When passing a batch of input samples through the neural network, the output tensor has the shape `(batch_size, num_classes)`. 

- In this example, the input tensor has shape `(2, 5)`, meaning there are 2 samples, each with 5 features.
- The output tensor will have shape `(2, 3)`, corresponding to 2 samples and 3 output values (one for each class).

Each row in the output tensor contains the predicted class probabilities (after the softmax activation) for a single input sample. The highest value in each row indicates the model's predicted class for that sample.

**Example:**
If the output is:

```python
tensor([[0.1, 0.7, 0.2], [0.3, 0.3, 0.4]])
```

- The first sample is most likely class 1 (0-based indexing).
- The second sample is most likely class 2.

This shape convention is standard for classification tasks in PyTorch.

### Model Parameter Counting

The pyTorch class ``Module`` provides a number of very useful functionalities.

For instance, if set up correctly, the trainable network parameters of the model can be accessed by the functions ``parameters()`` or ``named_parameters()``.
In the following, the latter function is used to access all parameters names and values.
Complete the code to compute and output the number of parameters for each named parameter, as well as the total number of parameters in your model.

In [34]:
sum_of_parameters = 0
for par_name, par_values in neural_net_instance.named_parameters():
    print("Named parameter: {}".format(par_name))
    ### YOUR SOLUTION HERE
    print("Number of parameters: " +  str(par_values.numel()))
    sum_of_parameters += par_values.numel()
    ### END OF SOLUTION
print("Total number of parameters: {}".format(sum_of_parameters))

Named parameter: fc1.weight
Number of parameters: 300
Named parameter: fc1.bias
Number of parameters: 60
Named parameter: fc2.weight
Number of parameters: 180
Named parameter: fc2.bias
Number of parameters: 3
Total number of parameters: 543


### Loss functions

Like many important machine learning essentials, standard loss functions are already implemented in PyTorch.

In the lecture, we have seen the frequently used Cross-Entropy-Loss. This loss is incorporated in the PyTorch-class ``torch.nn.CrossEntropyLoss``.
The class can be initialized without arguments.
To compute the loss, the class instance can be called taking the probabilities for each class as first, and the true class labels (data type ``long``) as second argument.

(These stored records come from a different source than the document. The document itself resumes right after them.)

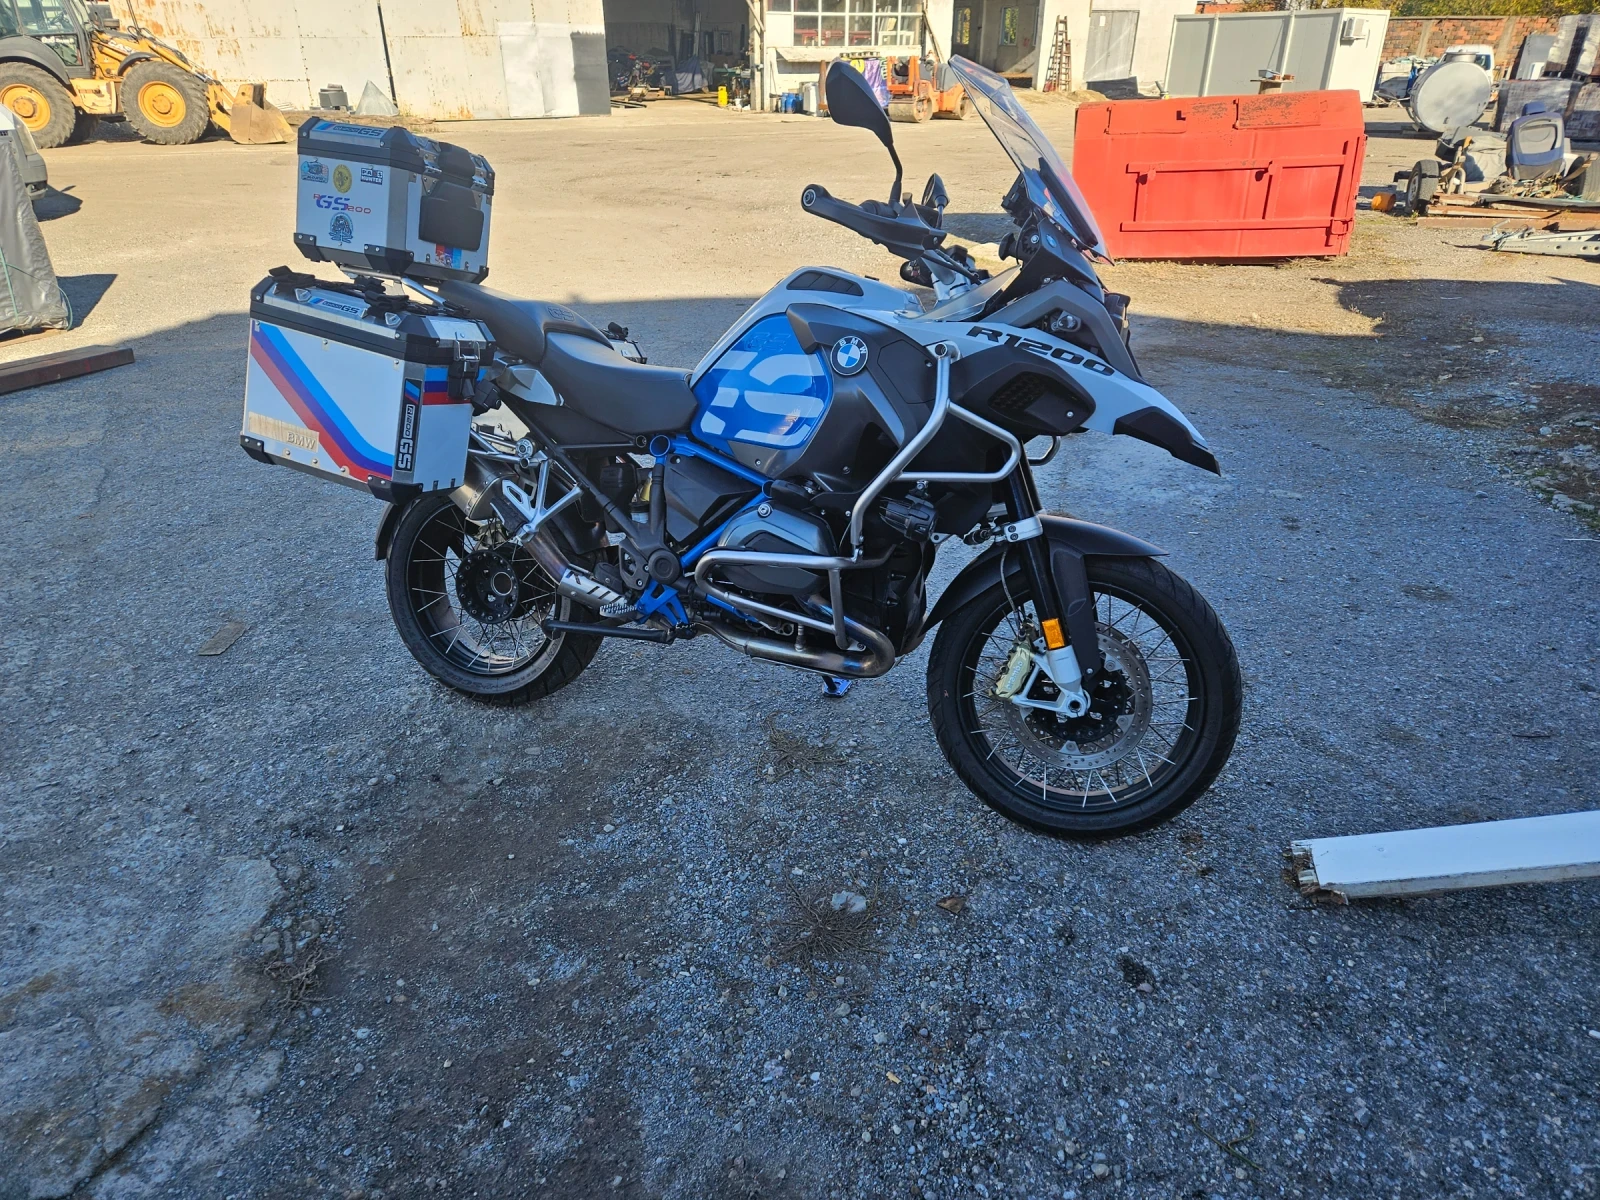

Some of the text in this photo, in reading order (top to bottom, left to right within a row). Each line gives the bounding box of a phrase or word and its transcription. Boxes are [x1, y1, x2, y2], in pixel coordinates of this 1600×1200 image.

[316, 194, 350, 210] GS
[838, 337, 868, 354] BMW
[966, 326, 1115, 376] R1200
[286, 431, 316, 450] BMW
[398, 404, 415, 470] R1200 GS

Using the PyTorch-implementation, compute the cross entropy loss for a single sample in which class probabilites of ``[0.1, 0.8, 0.1]`` were predicted and the true class label is ``1``.

In [40]:
### YOUR SOLUTION HERE
loss = torch.nn.CrossEntropyLoss()
pred = torch.tensor([0.1,0.8,0.1])
true_value = torch.tensor([1]).long()
loss(pred, true_value)
### END OF SOLUTION

tensor(0.6897)

Which inputs are required to create an extremely low (high) loss value?

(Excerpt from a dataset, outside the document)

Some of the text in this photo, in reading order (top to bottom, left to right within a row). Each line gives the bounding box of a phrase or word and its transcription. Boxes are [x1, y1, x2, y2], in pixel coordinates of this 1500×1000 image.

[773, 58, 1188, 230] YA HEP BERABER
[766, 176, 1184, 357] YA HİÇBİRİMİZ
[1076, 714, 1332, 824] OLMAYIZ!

Try to create and use inputs which achieve a loss value equal or close to ``0``.

In [47]:
### YOUR SOLUTION HERE
pred = torch.tensor([[0., 50., 0.]])
loss(pred, true_value)
### END OF SOLUTION

tensor(0.)

### Optimizers

Similarly, pyTorch also contains implementations of optimization algorithms like gradient descent.
A broad variety of different [optimizers](https://pytorch.org/docs/stable/optim.html) are implemented.
Nearly all of these optimizers are improved or more sophisticated versions of vanilla gradient descent, which we discussed in the lecture.
We will use stochastic gradient descent, which is implemented in the class ``torch.optim.SGD``. 

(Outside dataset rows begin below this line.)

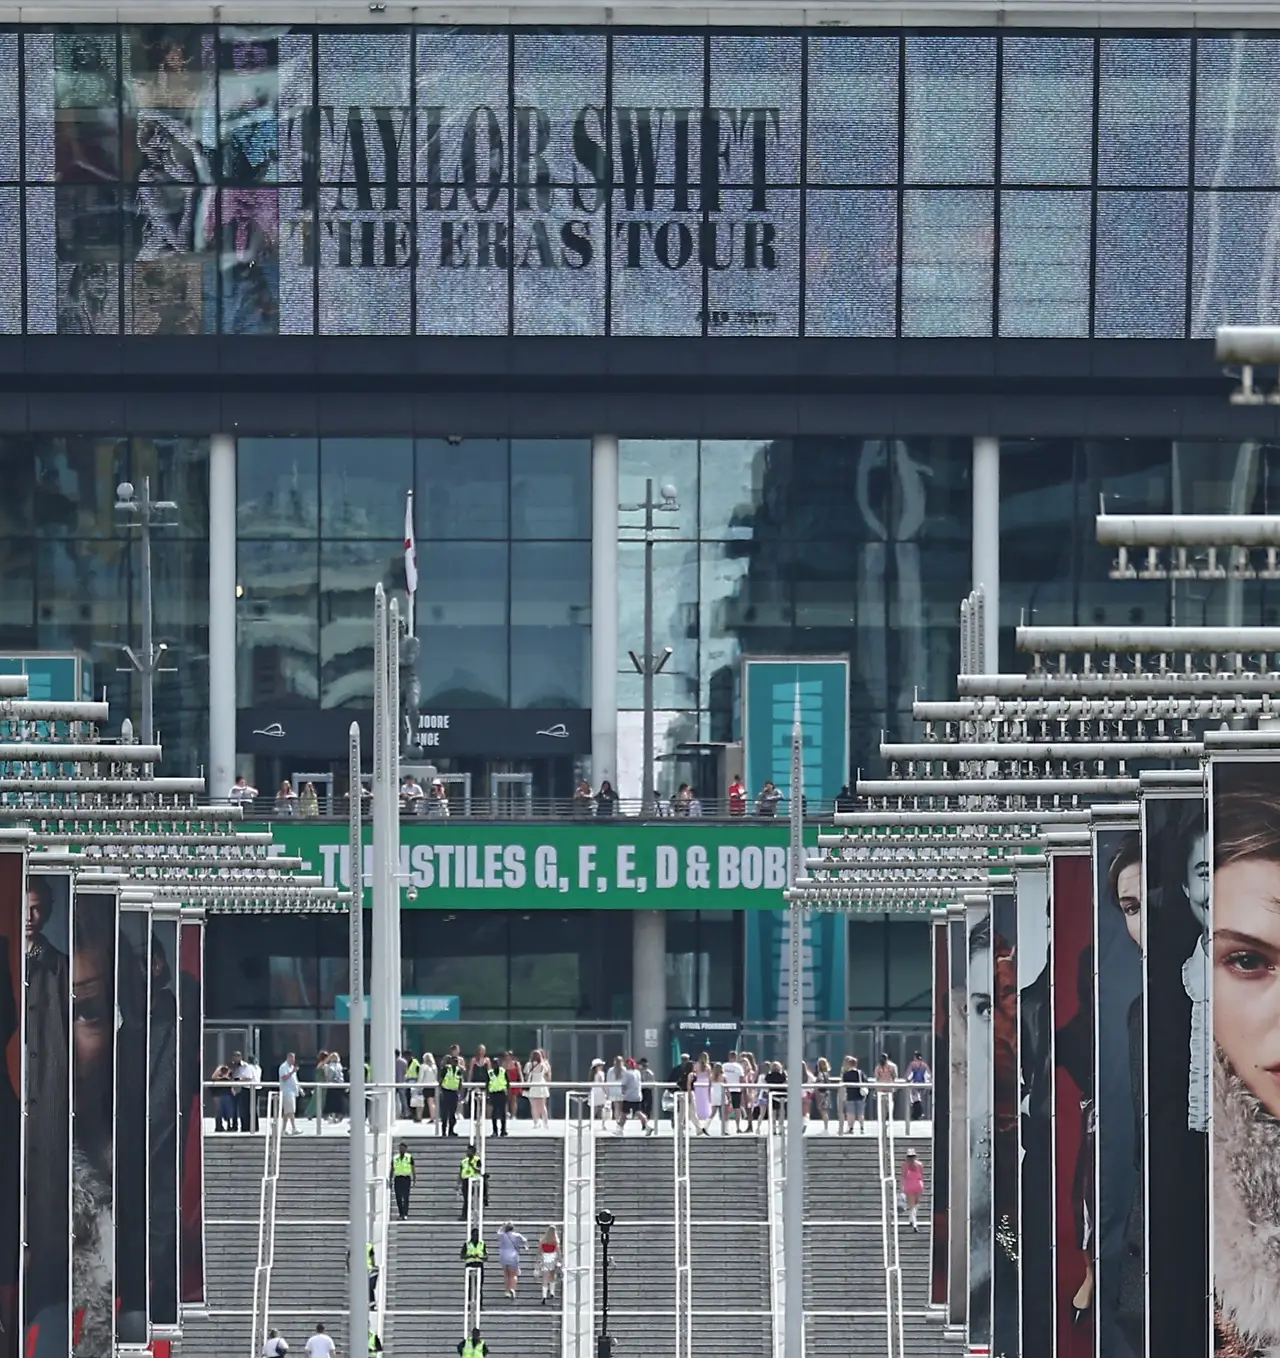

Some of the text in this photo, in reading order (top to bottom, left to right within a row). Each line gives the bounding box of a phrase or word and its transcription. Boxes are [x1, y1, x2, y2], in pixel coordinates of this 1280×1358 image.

[287, 105, 780, 213] TAYLOR SWIFT
[290, 220, 778, 270] THE ERAS TOUR
[534, 844, 570, 893] G,
[578, 845, 607, 893] F,
[616, 845, 649, 893] E,
[655, 845, 678, 888] D
[685, 845, 710, 889] &

Initialize a SGD optimizer, the constructor takes to optimizable parameters as argument (use the function ``parameter()`` of the above implemented model). Further, the named argument ``lr`` can be used to set the (initial) learning rate. Set that value to ``0.01``.

In [54]:
### YOUR SOLUTION HERE
sgd = torch.optim.SGD(neural_net_instance.parameters(), 0.01)
### END OF SOLUTION

Next, we will create an extremely small dummy dataset on which our previously defined model should be able to overfit.

In [55]:
n_samples = 12
dummy_training_data_x = torch.rand([n_samples, 5])
dummy_training_data_y = torch.Tensor([i%3 for i in range(n_samples)]).long()

First, we want to implement a function ``compute_accuracy()`` which computes the model's accuracy.

To compute the accuracy, complete the following steps:

* Run data through model to get class probabilities
* Find class prediction by picking highest probability for each sample
* Compute relative number of samples in which class predictions coincides with annotated class
* Return the computed accuracy

In [64]:
def compute_accuracy(model, data_x, data_y):
    ### YOUR SOLUTION HERE
    output = model(data_x)
    preds = torch.tensor(12)
    i = 0
    for sample in output:
        pred = 0
        best_pred = 0
        j = 0
        for prob in sample:
            if prob > best_pred:
                best_pred = prob
                pred = j
            j += 1
        print(preds, pred)
        preds[i] = pred
    return pred

    ### END OF SOLUTION
print(compute_accuracy(neural_net_instance, dummy_training_data_x, dummy_training_data_y))

tensor(12) 0


IndexError: invalid index of a 0-dim tensor. Use `tensor.item()` in Python or `tensor.item<T>()` in C++ to convert a 0-dim tensor to a number

Before we start to train the model, i.e. to optimize the model parameters, we want to compute the model's accuracy in an untrained state (random weights).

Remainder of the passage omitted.